Our faculty is committed to cutting edge research and scholarship on the Holocaust and its aftermath. We are greatly interested in collaboration with researchers and research institutions worldwide. The program encourages new publications and endeavors to establish infrastructure for furthering Holocaust research.
 
 
Research
WGC’s Center for Holocaust Research promotes research and dissemination of knowledge on the Holocaust and its aftermath. The Center endeavors to conduct research projects with international scholars based on the extensive network of researchers established by the program through its international collaborations and conferences, and aims to serve as a home for young researchers from Israel and abroad with relevant research interests.
 
Key Aims of the Center:
  • Support existing research and promote the advancement of new research activities.
  • Serve as a platform for cooperation with researchers and institutions worldwide.
  • Establish the College as a hub for international Holocaust research.

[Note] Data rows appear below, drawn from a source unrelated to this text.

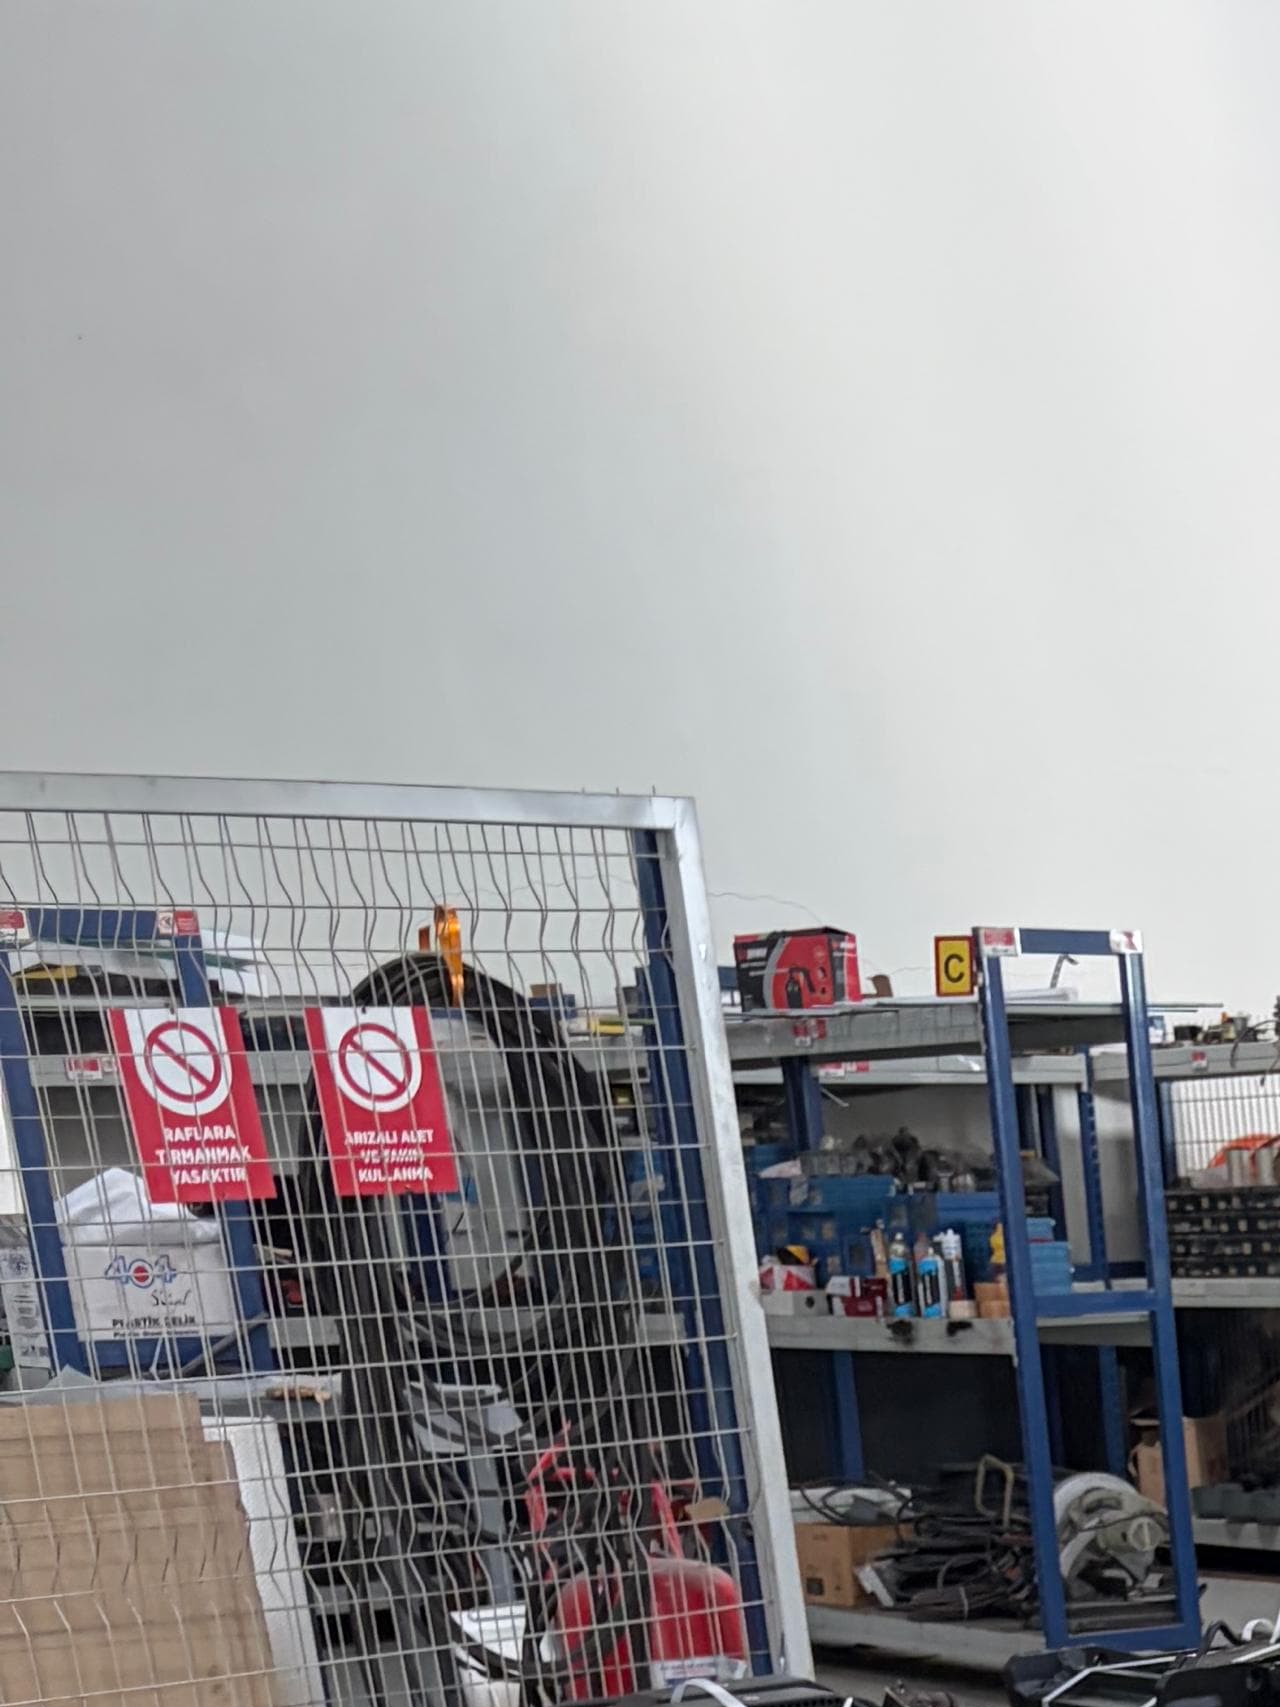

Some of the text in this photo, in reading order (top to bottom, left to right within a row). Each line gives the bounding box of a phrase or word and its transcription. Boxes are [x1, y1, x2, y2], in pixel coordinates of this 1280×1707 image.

[944, 953, 965, 983] C
[164, 1125, 236, 1142] RAFLARA
[344, 1128, 433, 1145] ARIZALI ALET
[155, 1145, 252, 1165] TRMANMAK
[172, 1167, 246, 1184] YASAKTIR

  • Create an infrastructure for obtaining grants and funds to support research.
 
Key Research Themes:
  • Children in the Holocaust and Beyond
  • Medicine and the Holocaust
  • Holocaust Testimonies and Holocaust Memory
  • Holocaust Historiography
 
 
Dr. Boaz Cohen, Head of the Holocaust Studies Program
Dr. Cohen's research interests include early Holocaust research and early child survivor testimonies, both in their historical, social, and cultural contexts.  Dr. Cohen’s book “Israeli Holocaust Research: Birth and Evolution,” was published by Yad Vashem in 2010 (and in English by Routledge in 2012). He is editor of a forthcoming volume on early children’s testimonies (Magnes Press, Hebrew University), as well as a volume on Holocaust survivor historians (Taylor & Francis).
 
 
Dr. Miriam Offer, Lecturer
Dr. Offer specializes in the study of Jewish medicine during the Holocaust and in the research of daily life in the ghettos. In addition, she is a co-organizer of the annual Israeli conference on Holocaust and medicine. Dr. Offer's book on medicine in the Warsaw Ghetto “White Coat in the Ghetto” was recently published by Yad Vashem (an English publication is forthcoming).